Hawaii, 1995:
Schon in der Nacht, in der Nainoa auf der Ladefläche eines Pickup-Trucks gezeugt wird sehen seine Eltern plötzlich überall auf den Hügeln um sie herum Fackeln, die scheinbar in der Luft schweben und sich langsam über die Hügelketten bewegen. Panisch verlassen die beiden den Strand denn ihnen ist sofort klar: hier handelt es sich um "Nachtwanderer", eine alte hawaiianische Sage über die Geister toter Krieger, die nachts mit Fackeln und Chanten über die Insel ziehen und alte Schlachtfelder besuchen. Sieht man sie an, stirbt man und ist verflucht, auf alle Zeit mit ihnen über die Insel zu marschieren.
7 Jahre später:
Die Zuckerrohrplantage ist abgeerntet und Nainoas Familie, zu der neben dem 7jährigen seine Mutter Malia, sein Vater Lolo, sein älterer Bruder Dean und seine jüngere Schwester Kaui gehören, leben von Gelegenheitsjobs und der Hand in den Mund. Sie beschließen daher, in die nächstgrößere Stadt umzuziehen, wo leichter Arbeit zu finden ist. Zum Abschied ist noch ein Ausflug mit dem Glasbodenboot geplant, bei dem das Unfassbare geschieht: Nainoa fällt ins Wasser und verschwindet unter Wasser. Die verzweifelte Malia springt sofort hinterher und versucht, ihn zu erreichen als sie plötzlich sieht, wie unter ihr ein Schwarm Haie vorbei zieht, genau auf die Stelle zu, an der Noa verschwunden ist. Völlig im Schock und unfähig, sich zu bewegen kann sie nur beobachten, wie die Haie weiter abtauchen, wenden und direkt auf sie zu halten. Der größte Hai, augenscheinlich der Anführer des Schwarms taucht auf - im Maul einen offensichtlich komplett unversehrten Noa, den er behutsam der Mutter in die Arme legt.

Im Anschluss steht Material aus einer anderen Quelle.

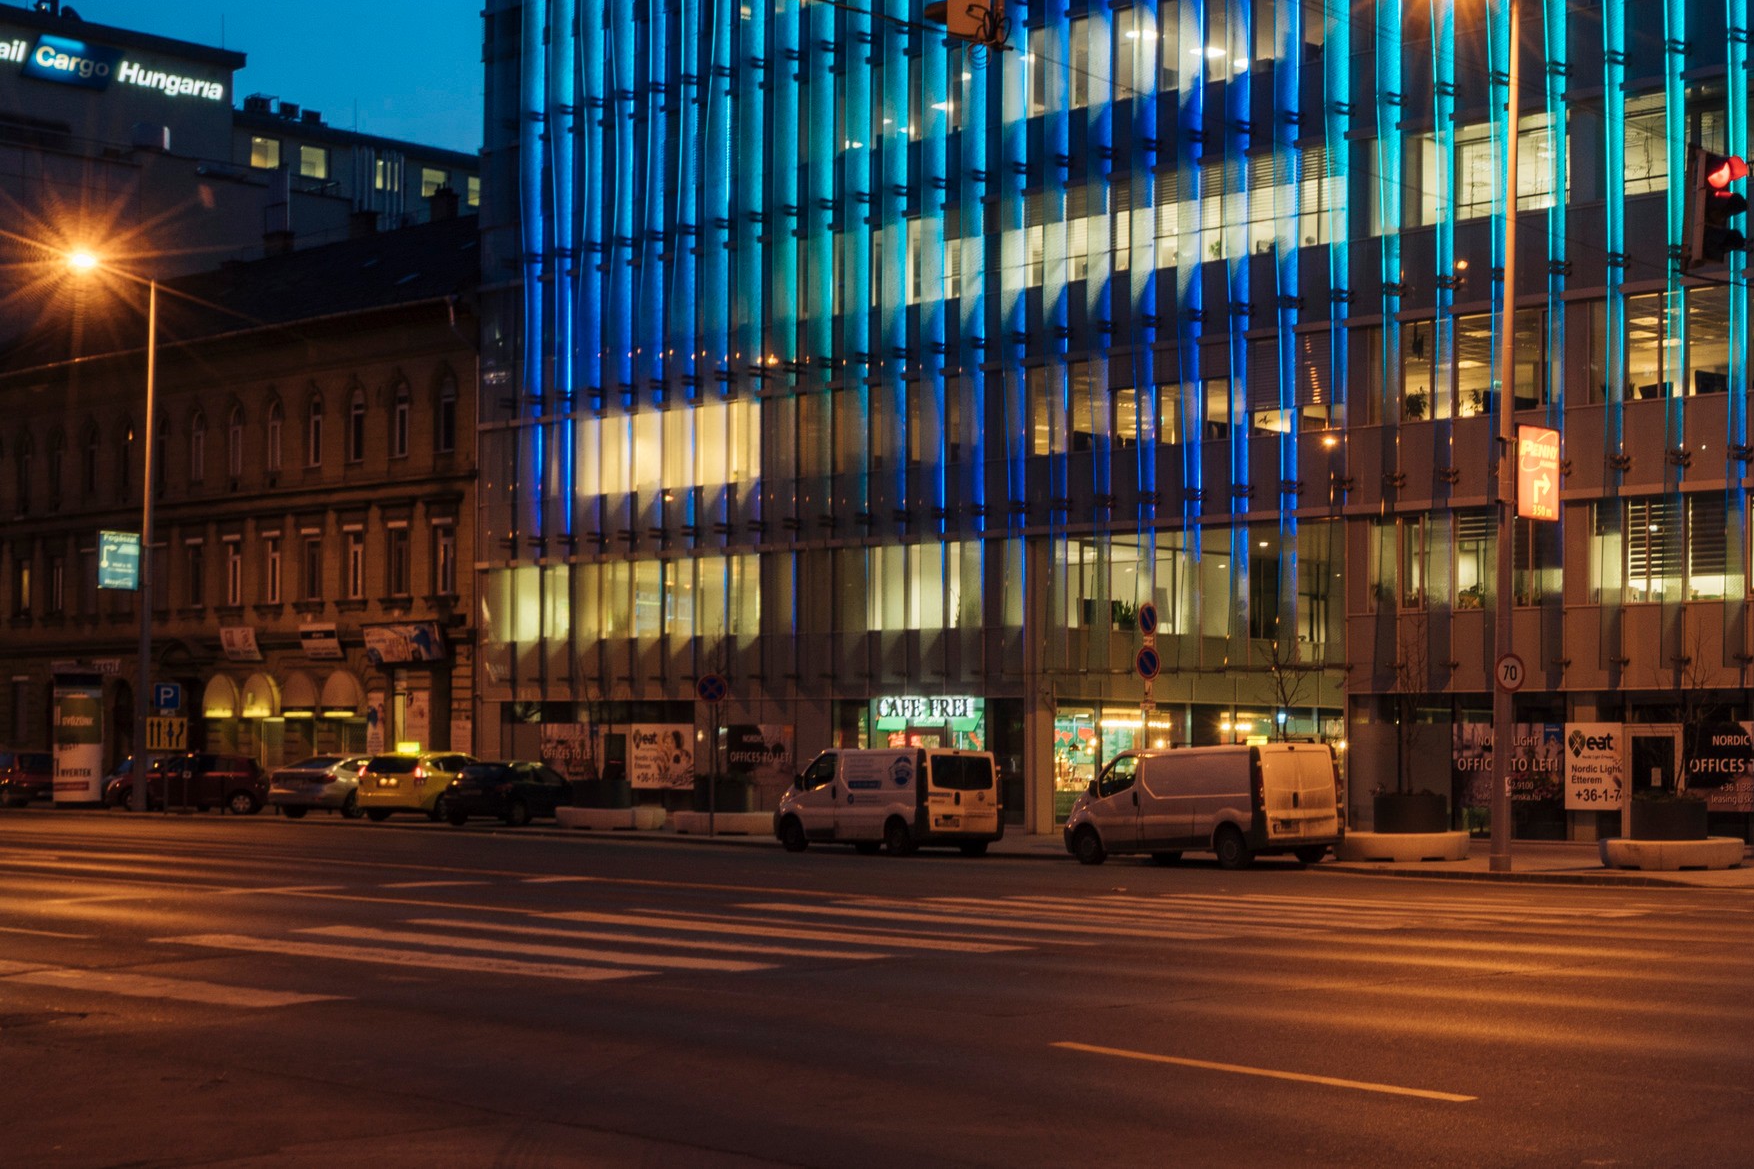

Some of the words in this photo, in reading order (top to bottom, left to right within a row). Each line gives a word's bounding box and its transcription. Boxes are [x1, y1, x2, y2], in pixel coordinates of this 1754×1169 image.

Nun ist der Mythos geboren, jede*r Hawaiianer*in kennt Nainoas Geschichte und ihm werden wahre Wunderkräfte zugeschrieben. Heilssuchende aller Art pilgern zum Haus der Familie, in der Hoffnung, von Noa Erlösung zu erlangen. Obwohl Noas Eltern diesen Mythos sehr befürworten und fördern (nicht zuletzt wegen der zahllosen Spenden, die die Familie aufgrund dessen erhält) drohen Noas Geschwister daran fast zu zerbrechen: sämtliche Aufmerksamkeit gilt dem (auch akademisch) hochbegabten Bruder, für sie, die zunächst keine besonderen Talente aufweisen, bleibt nicht viel übrig, was sich vor allem bei Dean in Wut und Gewalt manifestiert.
2007/2008:
Alle 3 Geschwister sind mittlerweile von Hawaii aufs amerikanische Festland gezogen und gehen dort auf verschiedene Colleges. Wechselweise erfahren wir jeweils aus der Sicht eines der Geschwister von deren alltäglichen, größeren und kleineren, Kämpfen im Alltag. Dean versucht, mittels eines Basketballstipendiums der Armut seiner Kindheit zu entfliehen, Kaui, sich im Ingeneurstudium gegen die Dominanz ihrer männlichen Kommilitonen zu wehren. Und Noa, der immer noch über mysteriöse Heilkräfte verfügt, verzweifelt daran, dass er nicht die ganze Welt retten kann.
Wie schon in der Überschrift erwähnt ist "Haie in Zeiten von Erlösern" mein Buch des Jahres 2022. Selten habe ich ein so starkes Debüt gelesen wie das von Kawai Strong Washburn! Selbst an der Hakmakua-Küste von Big Island, Hawaii, geboren und seit seinem Studium auf dem Festland lebend schafft er es meisterhaft, die besondere Geschichte und Atmosphäre Hawaiis, die Mythen, Sagen und auch den Aberglauben unter den Bewohnern der Insel einzufangen und an die Leser*innen zu vermitteln. Auch wenn alle 3 Geschwister (und auch die Eltern, die jedoch im 2. Teil des Buches zunehmend in den Hintergrund treten) ihre sehr unsympathischen Momente mit sich bringen verfolgt man ihrer jeweiligen Geschichte doch mit größter Hoffnung, dass sie am Ende noch ihre Art von Glück erfahren.
Bitte sehr schnell noch sehr viel mehr von diesem Autor!!!!